***** AVAILABLE DATA
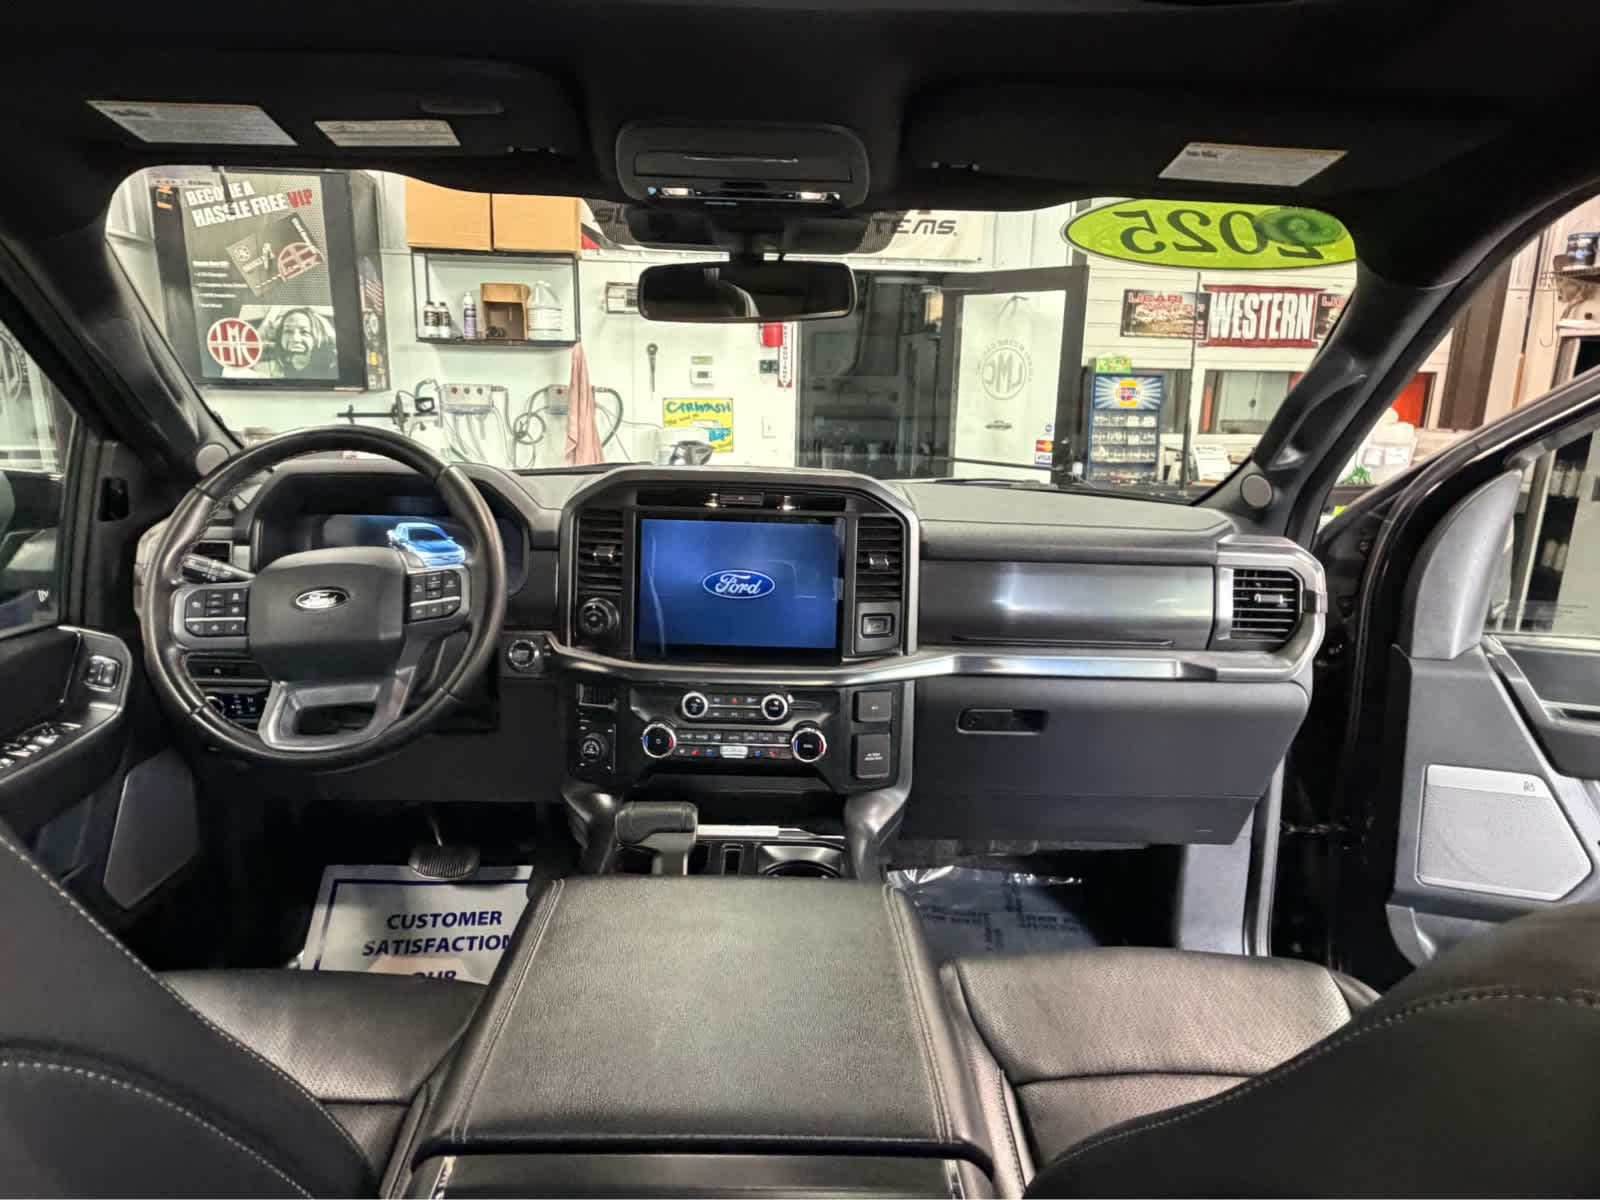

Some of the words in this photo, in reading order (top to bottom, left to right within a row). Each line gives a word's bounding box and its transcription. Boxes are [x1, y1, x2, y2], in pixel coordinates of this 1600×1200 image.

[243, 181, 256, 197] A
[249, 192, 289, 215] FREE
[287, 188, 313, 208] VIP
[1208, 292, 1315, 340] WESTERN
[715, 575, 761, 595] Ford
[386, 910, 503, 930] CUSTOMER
**********
Copy every record verbatim while leaving each picture out.

■ THE COMPLETED TASK
Some of the words in this photo, in reading order (top to bottom, left to right within a row). Each line gives a word's bounding box and its transcription. Boxes are [x1, y1, x2, y2], in pixel coordinates of this 1600×1200 image.

[243, 181, 256, 197] A
[249, 192, 289, 215] FREE
[287, 188, 313, 208] VIP
[1208, 292, 1315, 340] WESTERN
[715, 575, 761, 595] Ford
[386, 910, 503, 930] CUSTOMER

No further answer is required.